Other key figures - including Bush chief of staff Andrew Card, former Attorney General John Ashcroft, former CIA Director George Tenet, and John Yoo, former lawyer in Justice's Office of Legal Counsel - declined interview requests, investigators said. (Yoo is now a law professor at the University of California, Berkeley, and writes a monthly column for The Inquirer.)

Bush authorized the program shortly after the Sept. 11, 2001, attacks, and the legal approval for it relied on ongoing threat assessments known among some members of the intelligence community as "scary memos," the report said.

Only three Justice officials - Ashcroft, Yoo, and intelligence-policy lawyer James Baker - were read into the electronic surveillance initiative. Many of their superiors were kept in the dark, the unclassified summary reported for the first time yesterday.

One former department lawyer, Jay Bybee, told investigators he was Yoo's superior but was never read into the program and "could shed no further light" on how Yoo became the point man on memos that confirmed its legality.

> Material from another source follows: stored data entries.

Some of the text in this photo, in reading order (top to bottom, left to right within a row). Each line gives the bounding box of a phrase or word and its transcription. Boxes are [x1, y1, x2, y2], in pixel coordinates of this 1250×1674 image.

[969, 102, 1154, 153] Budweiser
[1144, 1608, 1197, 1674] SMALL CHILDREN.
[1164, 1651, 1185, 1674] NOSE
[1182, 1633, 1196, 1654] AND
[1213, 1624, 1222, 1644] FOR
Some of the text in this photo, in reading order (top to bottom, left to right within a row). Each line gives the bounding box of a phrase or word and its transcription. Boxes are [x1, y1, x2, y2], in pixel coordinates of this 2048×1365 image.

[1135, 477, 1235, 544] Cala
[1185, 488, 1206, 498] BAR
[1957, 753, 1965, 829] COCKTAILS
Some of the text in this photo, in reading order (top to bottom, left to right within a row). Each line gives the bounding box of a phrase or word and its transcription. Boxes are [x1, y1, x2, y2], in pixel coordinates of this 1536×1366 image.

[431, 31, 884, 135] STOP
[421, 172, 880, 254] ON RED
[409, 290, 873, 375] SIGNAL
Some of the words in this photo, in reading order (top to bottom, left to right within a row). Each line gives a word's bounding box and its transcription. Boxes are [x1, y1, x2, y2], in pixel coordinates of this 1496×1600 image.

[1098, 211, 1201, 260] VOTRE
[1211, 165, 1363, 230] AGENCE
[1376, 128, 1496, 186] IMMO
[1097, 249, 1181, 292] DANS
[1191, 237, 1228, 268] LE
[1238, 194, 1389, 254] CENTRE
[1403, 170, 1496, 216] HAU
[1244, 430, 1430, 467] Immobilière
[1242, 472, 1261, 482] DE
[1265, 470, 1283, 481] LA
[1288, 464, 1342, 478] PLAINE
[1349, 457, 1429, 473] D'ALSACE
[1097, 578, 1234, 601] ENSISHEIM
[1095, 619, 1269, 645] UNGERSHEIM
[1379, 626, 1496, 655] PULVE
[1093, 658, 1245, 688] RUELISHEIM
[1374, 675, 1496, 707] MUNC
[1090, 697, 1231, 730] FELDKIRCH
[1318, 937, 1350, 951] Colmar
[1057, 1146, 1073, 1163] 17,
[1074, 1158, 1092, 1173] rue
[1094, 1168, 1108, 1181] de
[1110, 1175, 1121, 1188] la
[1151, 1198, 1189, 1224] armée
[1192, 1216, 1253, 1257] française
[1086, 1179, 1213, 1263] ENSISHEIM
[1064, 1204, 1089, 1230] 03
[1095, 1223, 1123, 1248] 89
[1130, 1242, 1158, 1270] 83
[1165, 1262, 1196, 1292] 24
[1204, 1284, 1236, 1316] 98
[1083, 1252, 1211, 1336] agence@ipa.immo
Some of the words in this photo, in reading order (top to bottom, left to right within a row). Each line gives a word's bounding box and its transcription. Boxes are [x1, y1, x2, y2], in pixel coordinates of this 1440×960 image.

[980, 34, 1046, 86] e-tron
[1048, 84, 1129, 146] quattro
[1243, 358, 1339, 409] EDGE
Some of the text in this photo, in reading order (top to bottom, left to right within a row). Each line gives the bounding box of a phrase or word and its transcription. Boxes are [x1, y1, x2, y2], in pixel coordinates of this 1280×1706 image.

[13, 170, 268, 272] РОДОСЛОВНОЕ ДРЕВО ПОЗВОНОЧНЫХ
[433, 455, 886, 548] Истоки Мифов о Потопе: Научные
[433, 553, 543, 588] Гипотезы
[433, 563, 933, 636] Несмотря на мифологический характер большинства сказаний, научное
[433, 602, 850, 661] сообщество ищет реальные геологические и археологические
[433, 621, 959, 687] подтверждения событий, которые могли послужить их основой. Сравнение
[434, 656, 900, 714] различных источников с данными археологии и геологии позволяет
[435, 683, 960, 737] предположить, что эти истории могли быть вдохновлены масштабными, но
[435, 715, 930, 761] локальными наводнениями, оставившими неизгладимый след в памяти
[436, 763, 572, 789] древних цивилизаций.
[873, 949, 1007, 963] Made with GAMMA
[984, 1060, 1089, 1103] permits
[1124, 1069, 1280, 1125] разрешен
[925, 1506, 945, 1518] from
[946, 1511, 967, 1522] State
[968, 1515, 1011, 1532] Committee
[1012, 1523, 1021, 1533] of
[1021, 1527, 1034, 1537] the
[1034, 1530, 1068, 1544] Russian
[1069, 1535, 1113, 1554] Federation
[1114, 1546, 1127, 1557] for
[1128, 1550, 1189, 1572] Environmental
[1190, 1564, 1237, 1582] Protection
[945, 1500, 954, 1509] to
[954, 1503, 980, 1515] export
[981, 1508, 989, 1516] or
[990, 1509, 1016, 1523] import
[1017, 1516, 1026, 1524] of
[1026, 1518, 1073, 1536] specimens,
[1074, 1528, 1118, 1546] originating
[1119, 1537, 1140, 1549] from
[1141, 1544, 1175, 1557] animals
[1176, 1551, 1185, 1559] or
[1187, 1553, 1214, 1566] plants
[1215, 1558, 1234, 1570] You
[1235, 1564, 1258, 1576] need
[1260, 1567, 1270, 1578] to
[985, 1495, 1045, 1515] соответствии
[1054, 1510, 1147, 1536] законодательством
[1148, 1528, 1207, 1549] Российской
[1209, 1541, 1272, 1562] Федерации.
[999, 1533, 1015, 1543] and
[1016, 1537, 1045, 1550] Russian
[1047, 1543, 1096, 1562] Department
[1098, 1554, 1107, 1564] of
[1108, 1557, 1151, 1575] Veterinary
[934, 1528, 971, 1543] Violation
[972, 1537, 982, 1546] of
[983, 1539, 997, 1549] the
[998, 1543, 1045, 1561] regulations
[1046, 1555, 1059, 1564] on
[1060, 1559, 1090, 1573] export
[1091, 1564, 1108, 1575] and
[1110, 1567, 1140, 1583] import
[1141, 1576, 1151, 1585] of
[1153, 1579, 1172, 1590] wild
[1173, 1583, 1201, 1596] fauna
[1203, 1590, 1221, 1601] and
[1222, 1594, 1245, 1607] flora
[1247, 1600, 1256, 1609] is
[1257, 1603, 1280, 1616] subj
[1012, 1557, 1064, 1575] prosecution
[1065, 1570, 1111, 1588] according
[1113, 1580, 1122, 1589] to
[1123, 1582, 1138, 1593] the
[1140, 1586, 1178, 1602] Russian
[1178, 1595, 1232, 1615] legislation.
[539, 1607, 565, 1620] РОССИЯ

The report said Yoo prepared hypothetical documents in September and October 2001 before writing a formal memo in November, after Bush had already authorized the initiative.

In that memo, Yoo concluded that the FISA law could not "restrict the president's ability to engage in warrantless searches that protect the national security" and that "unless Congress made a clear statement in FISA that it sought to restrict presidential authority to conduct warrantless searches in the national security area - which it has not - then the statute must be construed to avoid such a reading," the report said.

When that analysis reached higher-level Justice officials in late 2003 and early 2004, they became troubled about the conclusions and convinced the plan may have run afoul of the law, ignoring important Supreme Court rulings on executive-branch power.

The full outlines of the program remain murky and subject to strict classification, but the inspectors general report said Yoo "did not accurately describe the scope" of other intelligence activities in the President's Surveillance Program, presenting "a serious impediment" to recertifying it.

Former Justice lawyers Patrick Philbin and Jack Goldsmith secured access to the program and began meeting with Gonzales, then the White House counsel, and David Addington, counsel to Vice President Dick Cheney, to voice their concerns after Yoo left the department in 2003.

Disputes over the program prompted meetings in March 2004, including lobbying by the White House, to try to persuade the Justice lawyers to agree to temporarily continuing the surveillance while its legal problems were fixed.

On March 9, 2004, intelligence officials and Cheney met to discuss the issue without inviting Justice leaders. Cheney suggested that Bush "may have to reauthorize without [the] blessing" of the Justice Department, according to notes taken by FBI Director Robert Mueller described in yesterday's report. Mueller told the investigators he would have a problem with that approach.

Later that day, Cheney met with Justice officials and told them that "thousands" of lives could be risked if they did not agree to continue the program, the report said.

The resignation threats came after a dramatic March 10, 2004, hospital visit by Card and Gonzales to Ashcroft's bedside. They visited in an ultimately unsuccessful bid to persuade the attorney general, who was weakened by severe pancreatitis, to sign a document that would reauthorize the program.

Former Deputy Attorney General James Comey said years later that he had sprinted up the hospital stairs in an effort to arrive before the White House advisers and that the episode marked the "most difficult night of my professional life."

Several subordinates at Justice and Mueller stood behind Comey, raising the possibility of a mass departure that would have attracted wide public attention and invited comparisons to the Nixon era's Saturday Night Massacre.

Senior White House officials disdained the legal regime imposed on the program, according to a book by Goldsmith. He reported that Addington said in February 2004 that "we're one bomb away from getting rid of that obnoxious [FISA] court."